Der Brandanschlag auf die Freiwillige Feuerwehr Lettin hat eine kritische Infrastruktur beschädigt, die für den Schutz der Menschen in Halle bedeutsam ist. Derartige kritische Infrastrukturen sind für eine Gesellschaft lebensnotwendig. Dazu gehören zum Beispiel Energie- und Kommunikationsnetze, Trinkwasserleitungen, Verkehrsinfrastrukturen und Hilfeleistungssysteme, wie Feuerwehren und Rettungsdienste.

Die Bundesregierung hat vor Kurzem ein Dachgesetz zum Schutz kritischer Infrastrukturen erlassen. Anlass dafür waren absehbare und bereits erfolgte Angriffe auf kritische Infrastrukturen, wie den Bundestag und die Deutsche Bahn. Unbestritten häufen sich diese Angriffe derzeit und zeigen, wie verletzlich Deutschlands Lebensgrundlagen tatsächlich sind.

Noch vor wenigen Jahren glaubten die Experten für kritische Infrastrukturen vor allem an eine militärische Bedrohung, doch das ist längst nicht mehr zeitgemäß. Aktuell gut zu beobachten ist, dass auch unverbundene Schadereignisse umfassende Wirkungen entfalten. Die Grenzen zwischen Angriff, Sabotage und Sachbeschädigung sind dabei fließend.

Löst sich der Blick vom Einzelereignisse, wird deutlich, dass Hackerangriffe auf Landkreise, Sabotage der Bahn, Stromausfälle nach Steinwürfen auf Umspannwerke, Vandalismus und professionelle Kriminalität, politische Aktionen mit dem Ziel der Schadensmaximierung, Angriffe auf Rettungsdienste sowie die Brandstiftung bei der Feuerwehr einen gemeinsamen Nenner haben können: Zusammengenommen können solche Einzelereignisse einen kritischen Schwellenwert überschreiten.

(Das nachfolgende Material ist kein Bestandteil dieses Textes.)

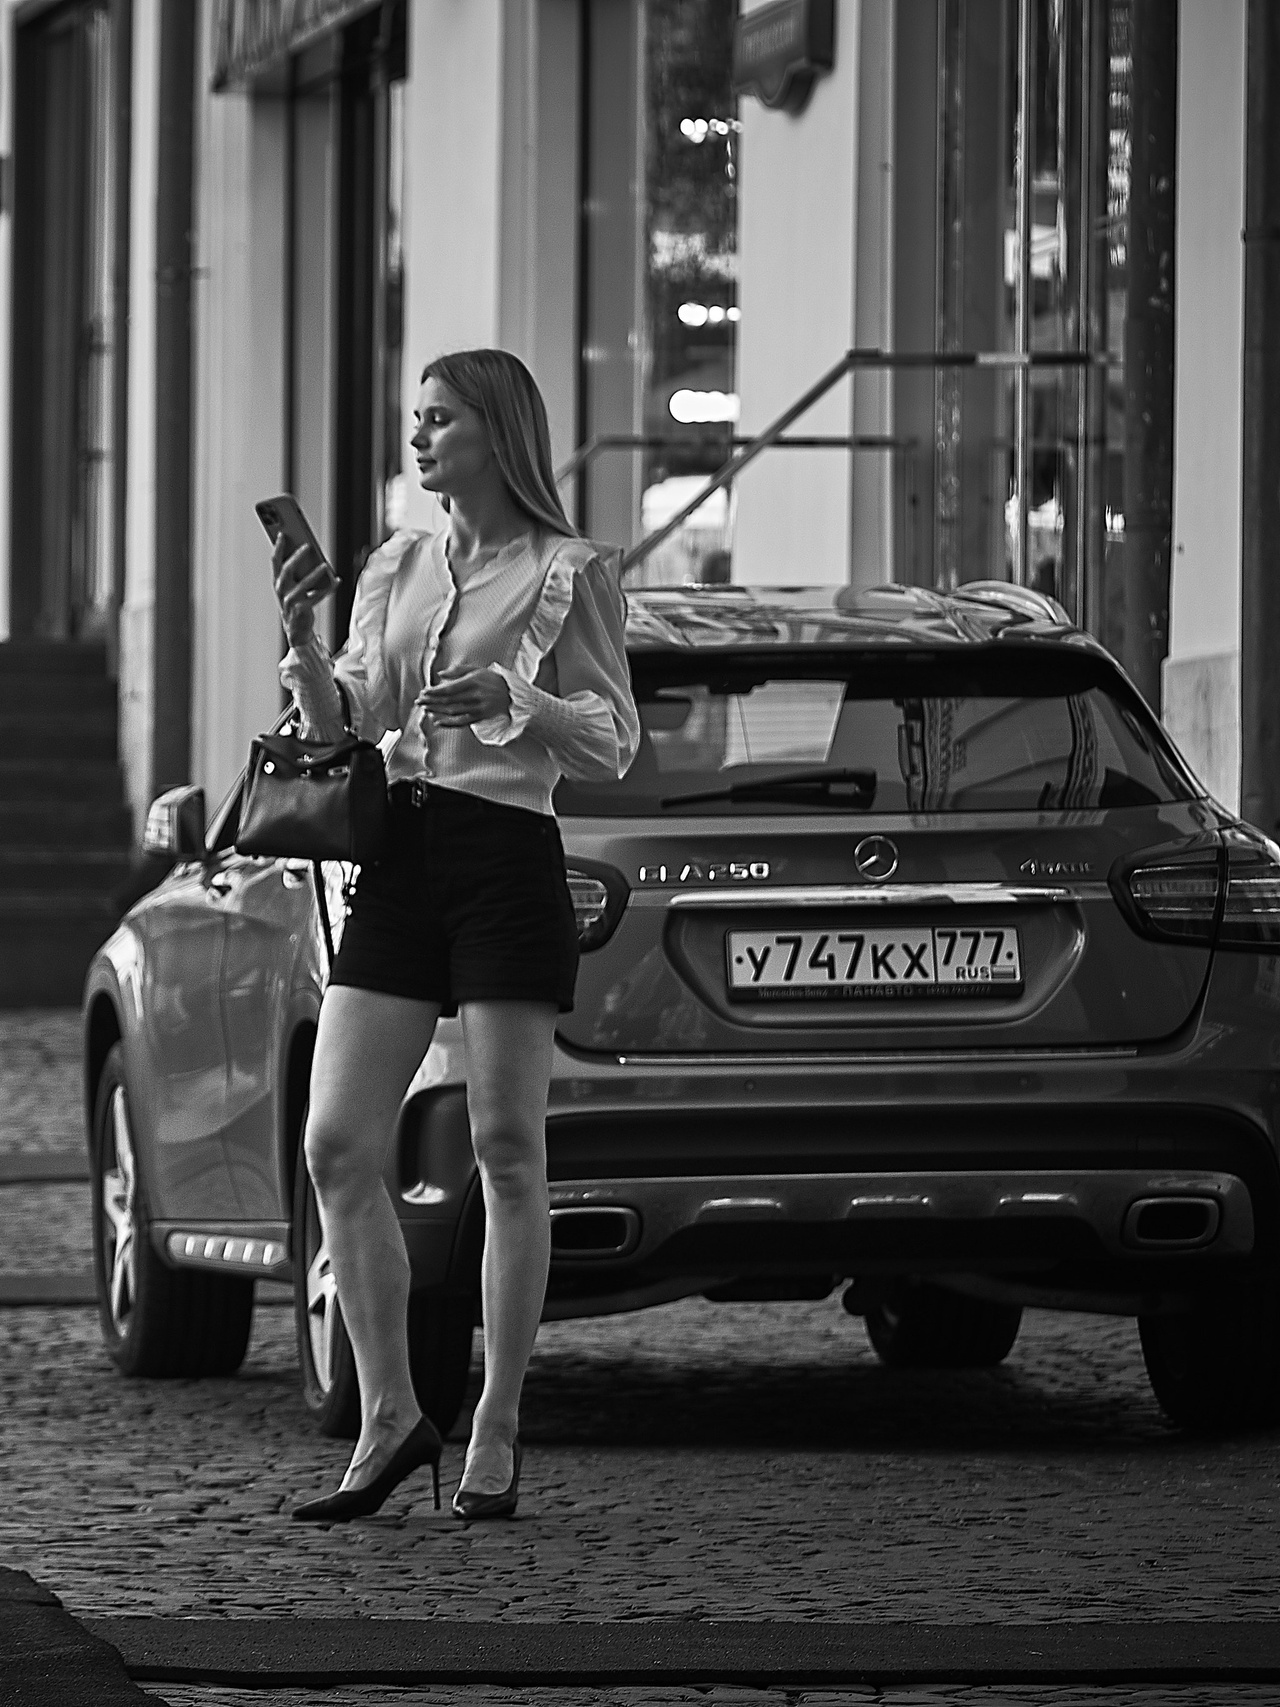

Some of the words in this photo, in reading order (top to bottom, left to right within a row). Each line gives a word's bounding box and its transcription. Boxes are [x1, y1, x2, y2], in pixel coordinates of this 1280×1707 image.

[708, 862, 770, 880] 250
[936, 931, 1005, 966] 777
[955, 966, 990, 980] RUS
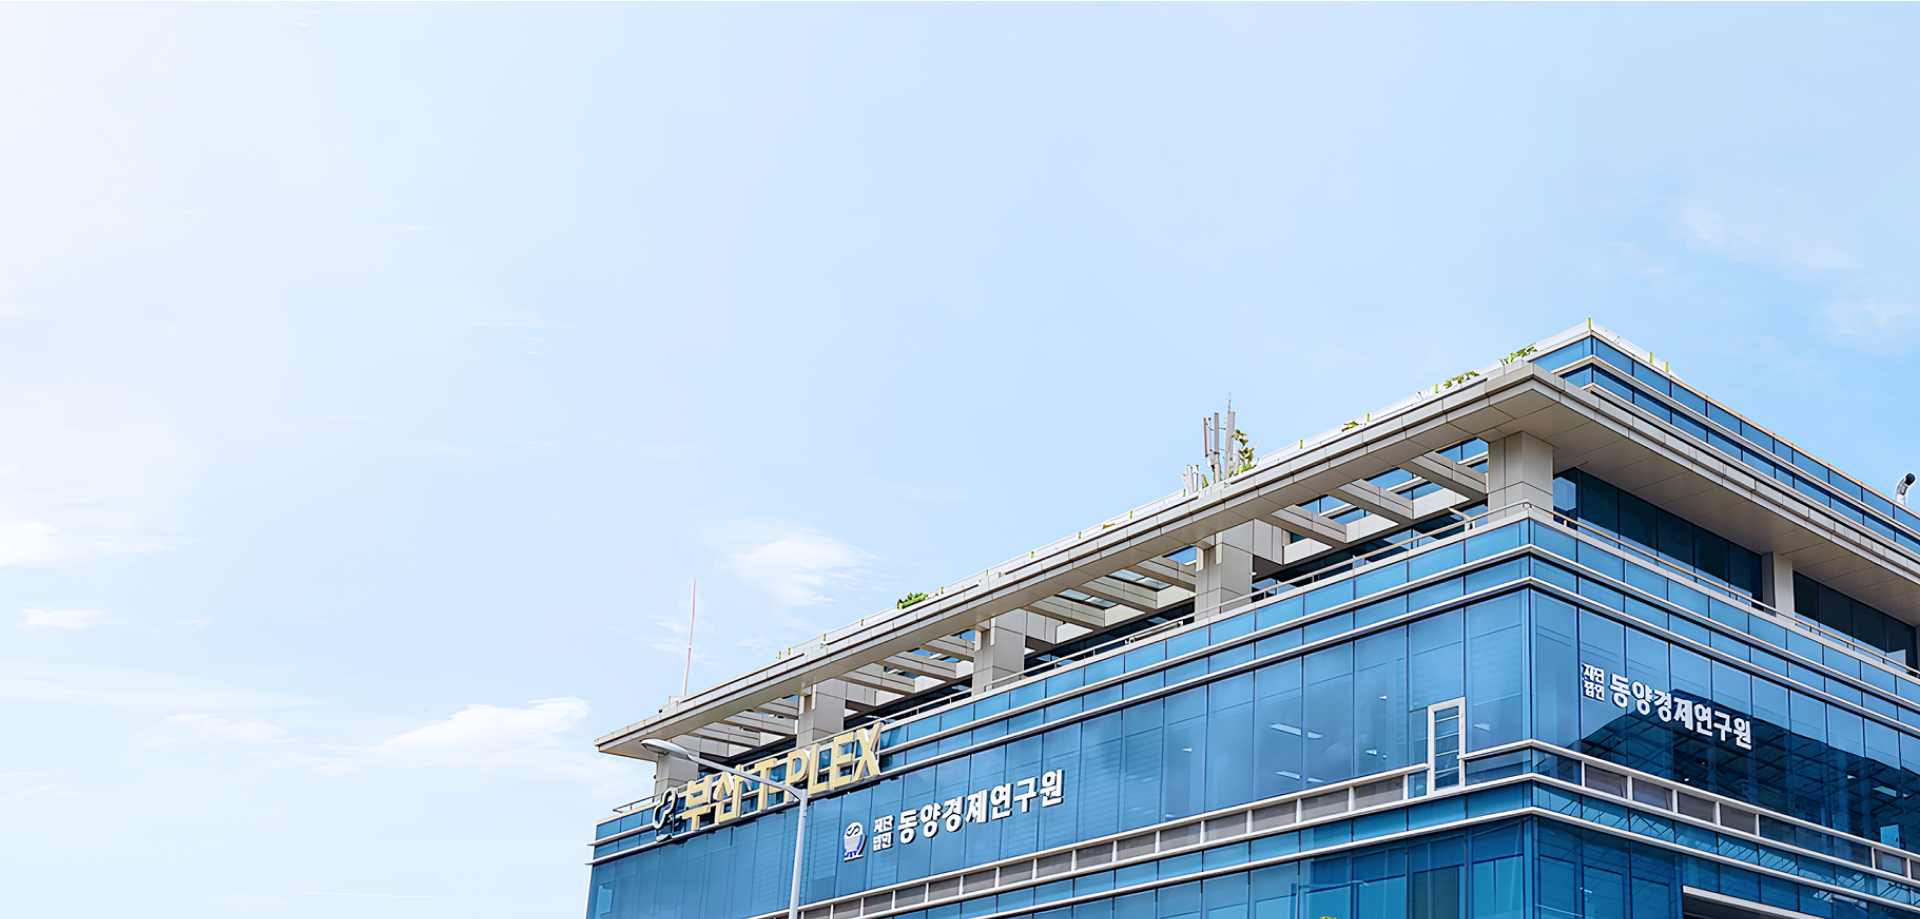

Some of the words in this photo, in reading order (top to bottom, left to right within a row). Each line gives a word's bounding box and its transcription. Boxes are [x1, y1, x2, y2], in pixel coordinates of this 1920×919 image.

[1609, 672, 1752, 749] 동양경제연구원
[677, 763, 751, 832] 부산
[897, 769, 1064, 844] 동양경제연구원
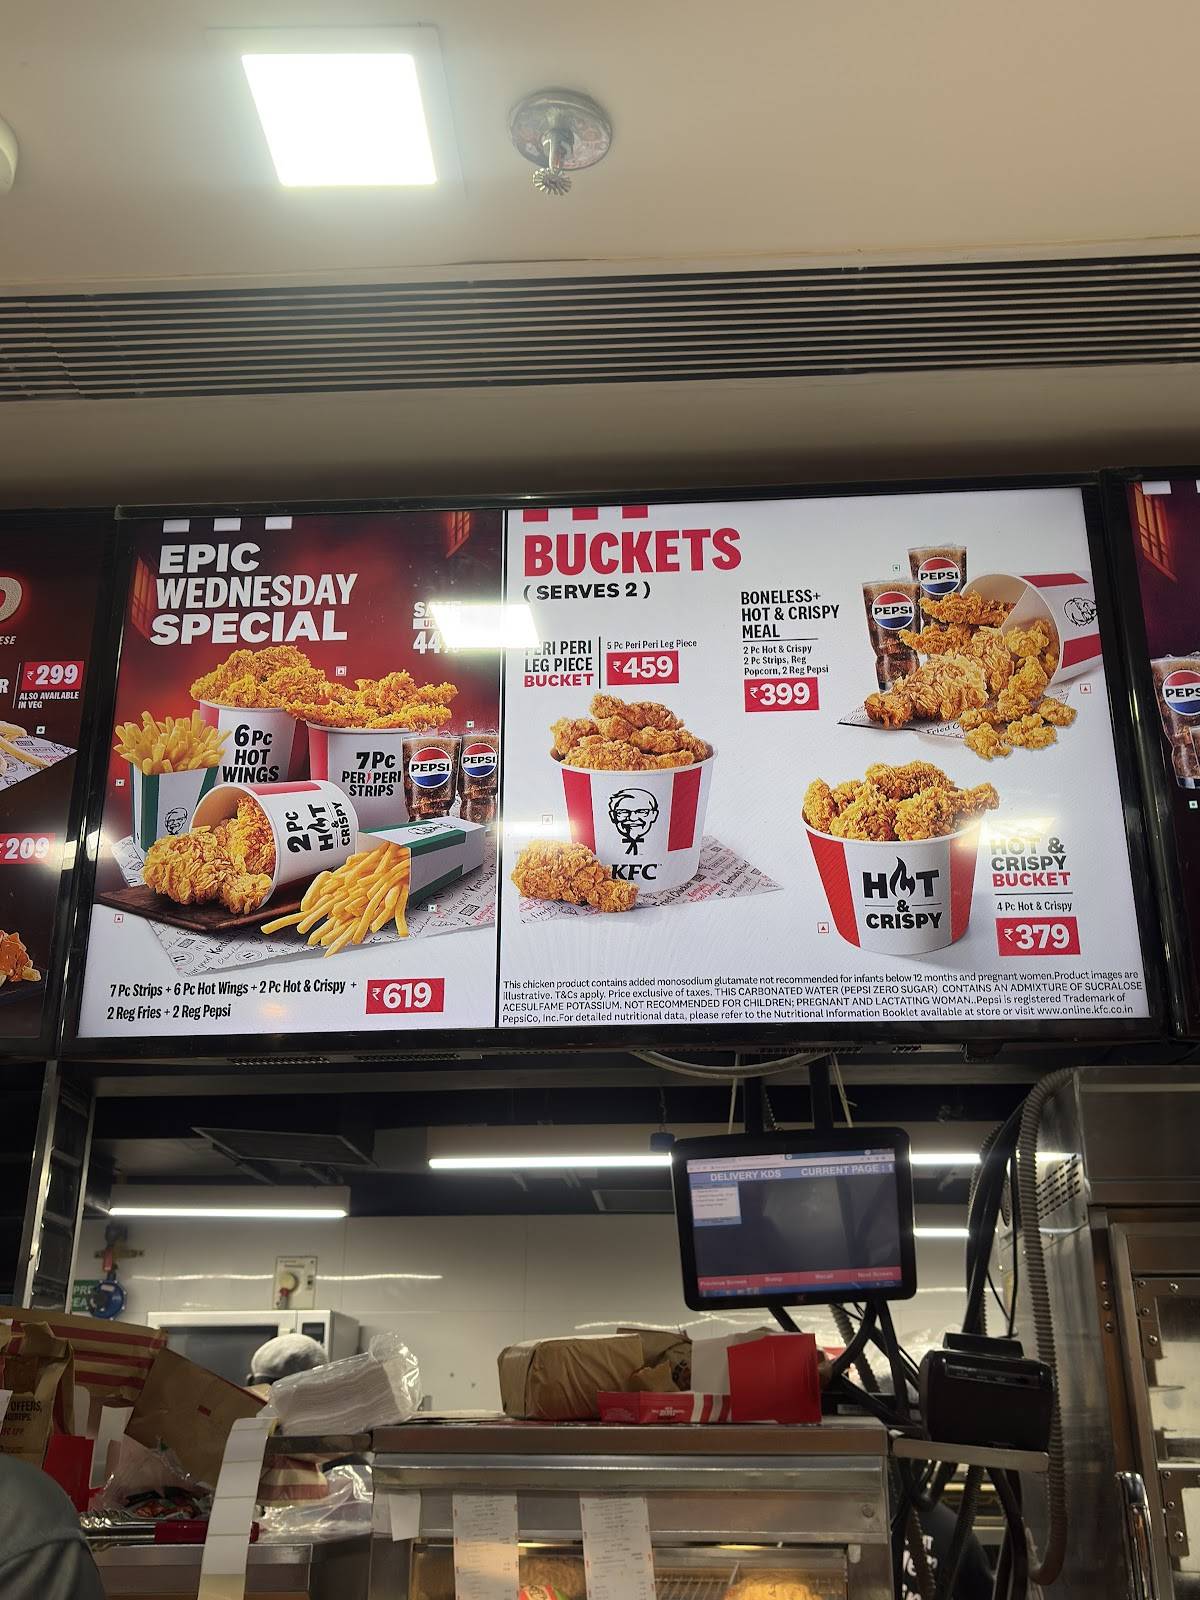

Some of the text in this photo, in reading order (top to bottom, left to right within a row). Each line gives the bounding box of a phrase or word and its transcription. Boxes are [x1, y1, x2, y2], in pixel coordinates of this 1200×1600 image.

[159, 543, 260, 574] EPIC
[524, 528, 742, 577] BUCKETS
[920, 572, 958, 580] PEPSI
[156, 574, 358, 609] WEDNESDAY
[537, 582, 638, 600] SERVES 2
[741, 589, 821, 605] BONELESS+
[742, 605, 839, 621] HOT & CRISPY
[874, 605, 912, 614] PEPSI
[150, 610, 348, 645] SPECIAL
[743, 624, 780, 639] MEAL
[561, 640, 591, 654] PERI
[607, 639, 697, 649] 5 Pc Peri Peri Leg Piece
[779, 645, 784, 653] &
[786, 645, 812, 653] Crispy
[525, 657, 592, 672] LEG PIECE
[613, 656, 673, 678] ₹459
[763, 656, 789, 665] Strips,
[791, 656, 806, 664] Reg
[27, 664, 78, 685] ₹299
[744, 665, 829, 677] Popcorn, 2 Reg Pepsi
[524, 674, 593, 687] BUCKET
[19, 691, 79, 700] ALSO AVAILABLE
[750, 682, 810, 706] ₹399
[235, 724, 272, 746] 6 Pc
[234, 749, 270, 765] HOT
[356, 752, 395, 769] 7 Pc
[462, 756, 496, 764] PEPSI
[223, 766, 279, 783] WINGS
[411, 763, 451, 773] PEPSI
[349, 784, 394, 797] STRIPS
[285, 811, 311, 852] 2 PC
[332, 802, 350, 846] CRISPY
[991, 837, 1066, 855] HOT &
[991, 856, 1066, 871] CRISPY
[612, 864, 657, 880] KFC
[993, 873, 1070, 887] BUCKET
[897, 900, 909, 912] &
[997, 901, 1072, 912] 4 Pc Hot & Crispy
[866, 912, 942, 930] CRISPY
[1005, 924, 1069, 948] ₹379
[110, 978, 345, 999] 7 Pc Strips 6 Pc Hot Wings 2 Pc Hot & Crispy
[504, 980, 521, 989] This
[523, 979, 554, 988] chicken
[557, 979, 589, 990] product
[591, 979, 627, 987] contains
[629, 978, 655, 986] added
[657, 977, 712, 986] monosodium
[714, 976, 757, 986] glutamate
[776, 975, 838, 984] recommended
[885, 974, 911, 982] below
[924, 973, 957, 981] months
[960, 973, 976, 981] and
[978, 972, 1018, 982] pregnant
[1091, 972, 1122, 980] images
[371, 982, 433, 1009] ₹619
[555, 991, 578, 999] T&Cs
[580, 991, 605, 1000] apply.
[608, 990, 630, 998] Price
[633, 989, 673, 997] exclusive
[686, 988, 712, 996] taxes.
[717, 988, 736, 996] THIS
[739, 987, 802, 995] CARBONATED
[840, 986, 871, 995] (PEPSI
[873, 986, 898, 994] ZERO
[901, 985, 938, 994] SUGAR)
[943, 984, 992, 993] CONTAINS
[1011, 983, 1067, 991] ADMIXTURE
[1070, 983, 1083, 991] OF
[1085, 982, 1142, 990] SUCRALOSE
[107, 1004, 231, 1022] 2 Reg Fries 2 Reg Pepsi
[503, 1014, 541, 1024] PepsiCo,
[576, 1013, 612, 1021] detailed
[614, 1012, 662, 1021] nutritional
[664, 1012, 687, 1021] data,
[690, 1011, 716, 1021] please
[721, 1010, 742, 1018] refer
[757, 1010, 771, 1018] the
[774, 1010, 824, 1018] Nutritional
[826, 1009, 880, 1017] Information
[883, 1008, 918, 1016] Booklet
[921, 1007, 962, 1016] available
[977, 1007, 1000, 1015] store
[1016, 1006, 1034, 1014] visit
[1037, 1005, 1133, 1015] www.online.kfc.co.in
[711, 1169, 781, 1181] DELIVERY KDS
[801, 1164, 879, 1176] CURRENT PAGE
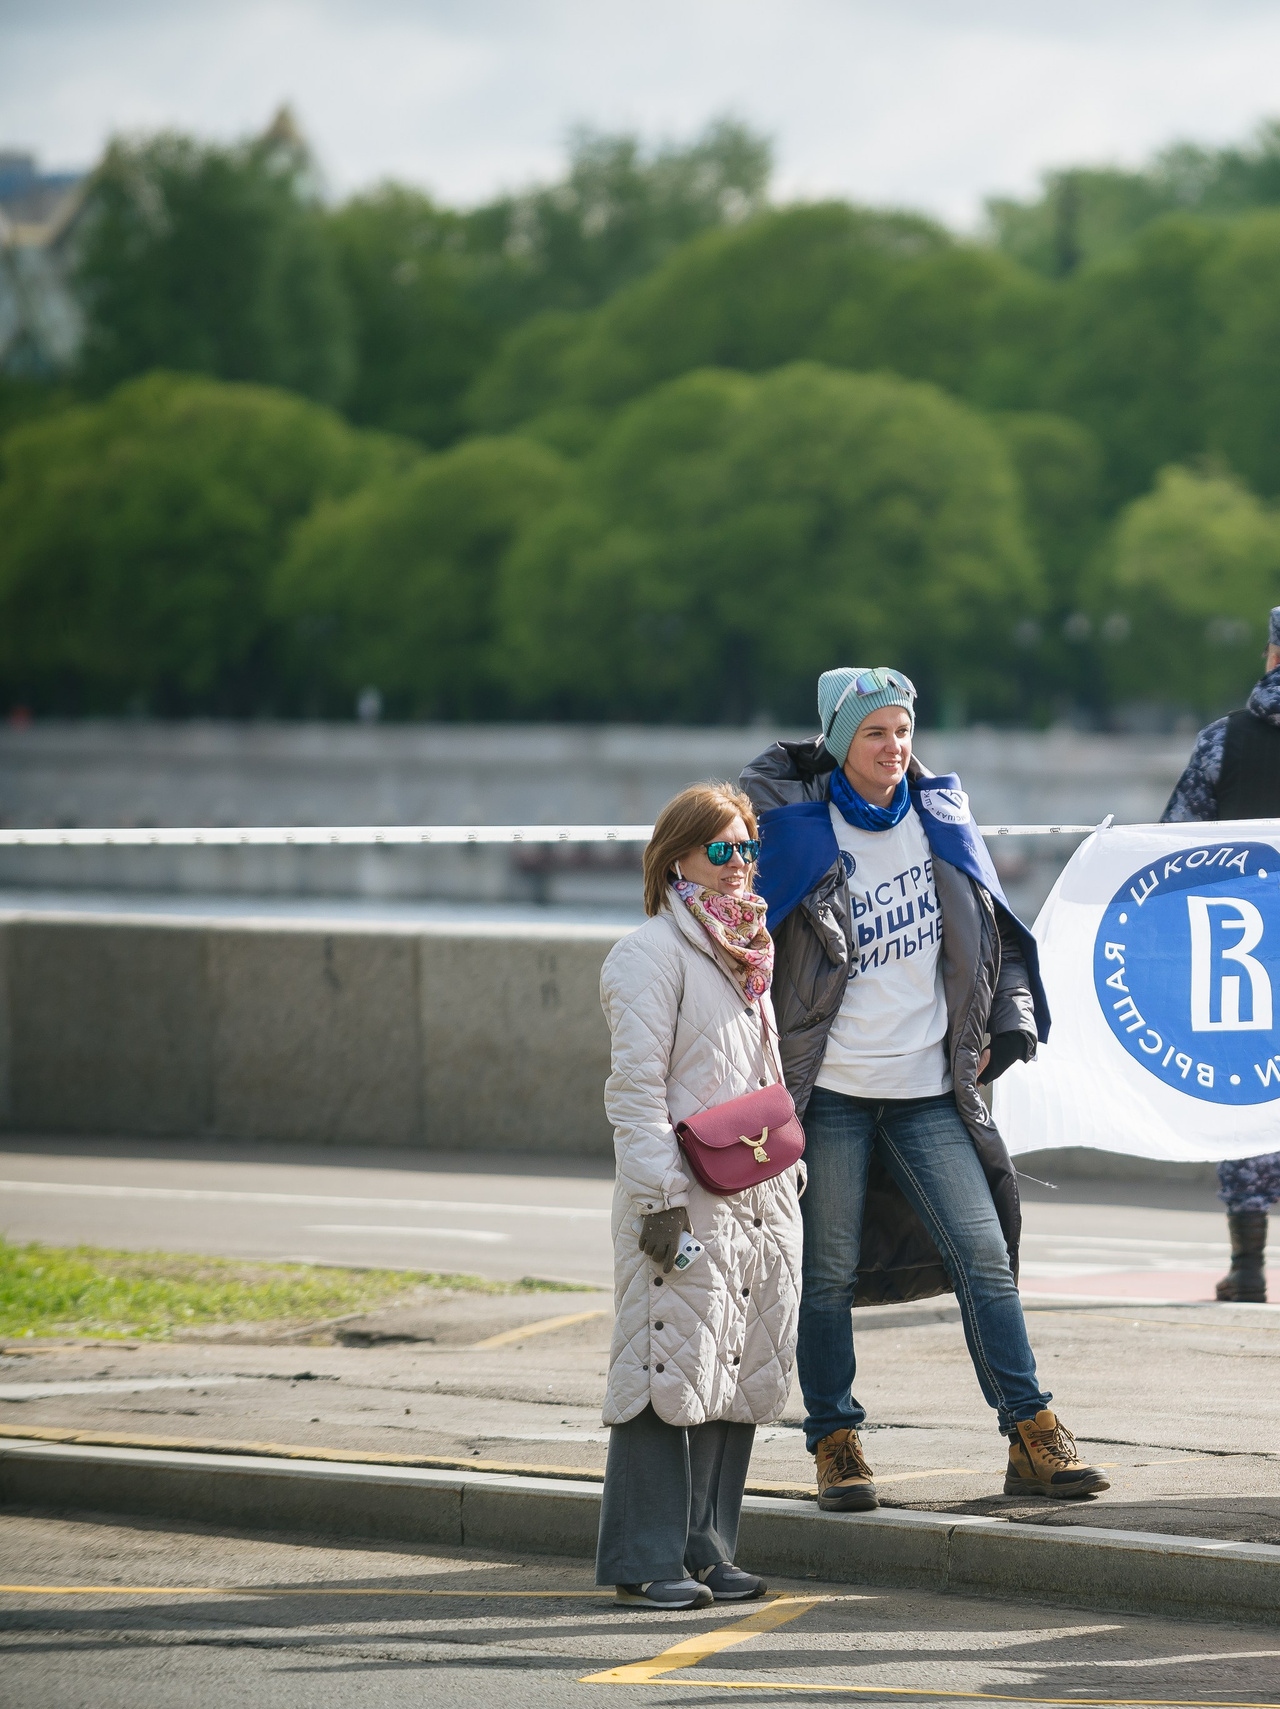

Die Aufzählung mag undifferenziert sein und blendet unterschiedliche Kontexte aus, aber sie zeigt folgendes: Wenn eine Gesellschaft durch Unsicherheit beherrscht wird, ist das Zusammenleben zunehmend bedroht. Die schwächste Stelle unserer Stadt sind dabei ihre kritischen Infrastrukturen. Wer auf Schadensmaximierung sinnt, greift zudem die Hilfeleistungssysteme wie Feuerwehren, Krankenhäuser und Rettungsdienste an.

Nüchtern betrachtet, sind unsere kritischen Infrastrukturen alles andere als sicher. Energienetze und Verkehrsinfrastrukturen sind auch ohne Sabotage fortwährend überlastet, die Feuerwehren dank (teilweiser) Uralttechnik und Personalmangel eingeschränkt einsetzbar, ebenso der Rettungsdienst und der Katastrophenschutz. Es fehlt seit Jahren an Investitionen in alternative Notfallsysteme, an Personalgewinnung und gesellschaftlicher Anerkennung. Allgegenwärtige „Bürokratiemonster“, wie das europäische Vergaberecht, und die Abhängigkeit von Drittstaaten bei der Beschaffung von Technologien schränken die Möglichkeiten, ein gewisses Maß an Unverletzbarkeit zu erreichen, zusätzlich ein.

Ironischerweise können die Erfahrungen der Corona-Epidemie, der Flüchtlingskrise und des Ukraine-Krieges hier helfen. Deutschland hat gezeigt, dass es in Notsituationen schnell und zielgenau handeln kann. Auch die Stadt Halle kann und muss ihre Infrastrukturen, Feuerwehren und Rettungsdienste besser schützen. Schon heute lässt sich mit Gewissheit sagen, dass Sicherheit das wichtigste Zukunftsthema ist.
Die Stadt muss sich dieser Aufgabe stellen.